The corollary for those who think politics has existed only during their lifetime is to argue that today’s politics are more partisan and more divided than ever before. Either group might claim that the most important principle of our country is “E Pluribus Unum.”
I’ve never bought into the first argument. Politics is a zero-sum game — on any particular issue that doesn’t result in a unanimous vote, one side wins, which means the opposite side loses. That is how representative democracy works. If you don’t like the result, you need to convince others next time. Whether President Obama is divisive or not means nothing to me; the fact he’s wrong on nearly every issue is what matters.

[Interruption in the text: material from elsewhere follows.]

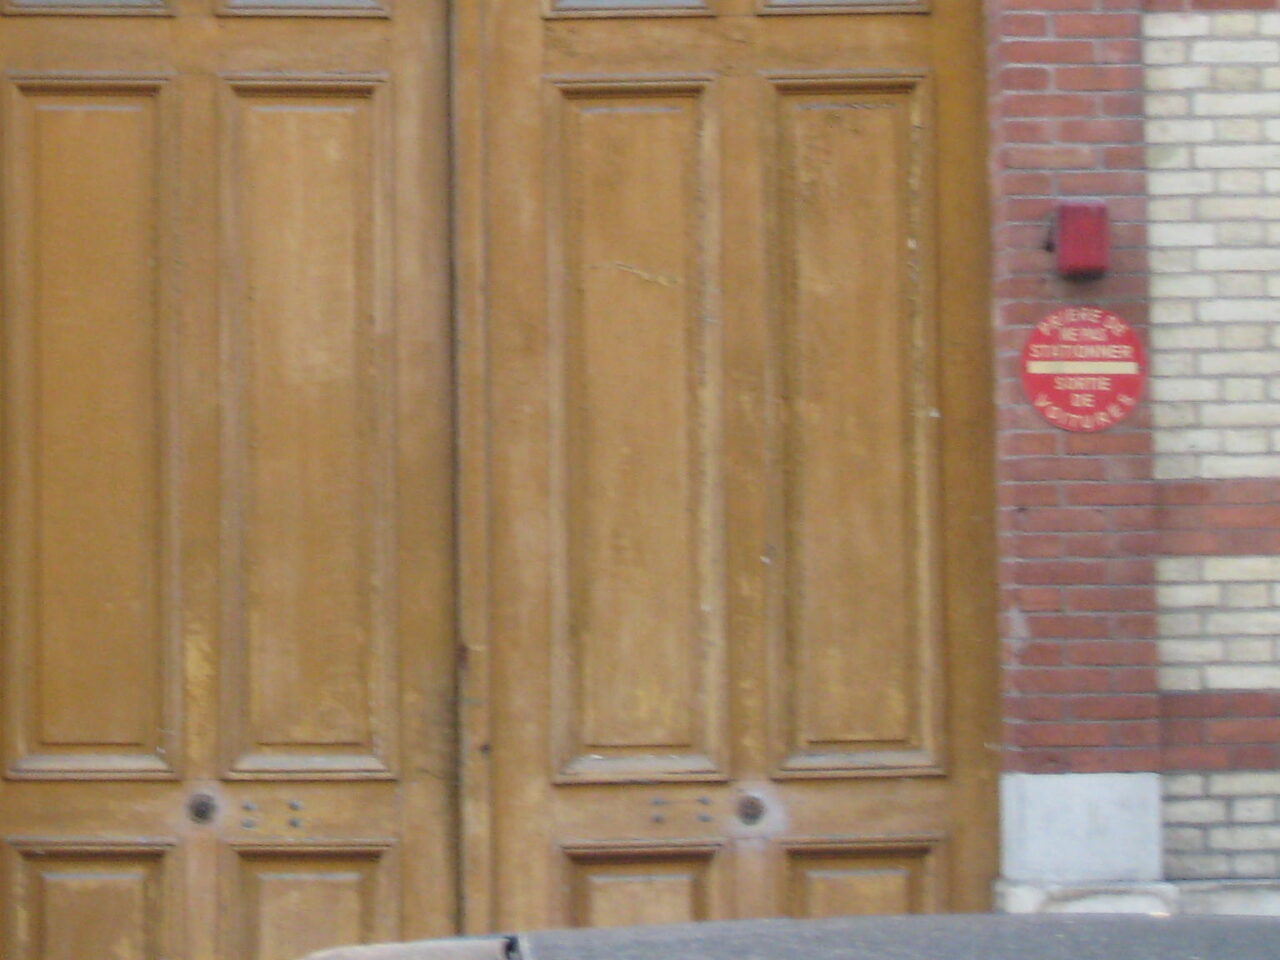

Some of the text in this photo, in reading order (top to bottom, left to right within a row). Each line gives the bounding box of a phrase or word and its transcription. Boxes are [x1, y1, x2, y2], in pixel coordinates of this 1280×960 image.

As for the second argument, the Wisconsin Policy Research Institute’s Christian Schneider interrupts with reality:
When Tom Barrett announced his candidacy in the Wisconsin gubernatorial recall election, he wasted no time in labeling incumbent Gov. Scott Walker “divisive” and offering to end the state’s “civil war.” Kathleen Falk, an earlier entrant into the race, complained that Walker “has just torn this state apart.”
It is true that the battle over public-sector collective bargaining in Wisconsin has been tough-fought. It has simultaneously wrought bitterness, excitement, acrimony and entertainment upon a state renowned for its tranquil Midwestern politeness. But to now discover that the state is “divided” is like watching a half-hour of “The Artist” before realizing it’s a silent movie. …
In fact, Wisconsin has always housed deep divisions; only these fractures traditionally haven’t been accompanied by bullhorns and picket signs. For decades, the state has been divided between people who don’t pay for their own pensions and those who pay taxes to subsidize those individuals. Wisconsin’s citizens have been divided between those who pay union dues in order to elect officials who then negotiate better pension and health benefits and those who can’t afford to do so.
We now know the state has been divided between those who think it is appropriate to picket at elected officials’ homes and those who think it crosses the line. Before the collective bargaining imbroglio, some citizens may have thought it improper to publicly shower elected officials with vulgarisms; clearly, there are many who were just waiting for the opportunity. …
Now, the state is still divided, but more vocally so – by a minority of public workers, who have an intense interest in the current system, vs. those with diffuse interests. For those who support Walker, the fruits of his government employee benefit restricting will be realized in the future; for those who oppose Walker, the effect on their everyday lives is direct and immediate.
All of these divisions have been with Wisconsin for years; yet we couldn’t see them until they were banging a drum, dressed in a gorilla costume and blowing a vuvuzela.
Barrett’s apparent claim that unity is more important than anything else is not only disingenuous, but wrong on its face. Complaints of divisiveness are, to put it bluntly, the lament of the loser. I am aware of no Democrat who complained when Gov. James Doyle signed off on raising taxes by $2.1 billion in the disaster area that was the 2009–11 budget.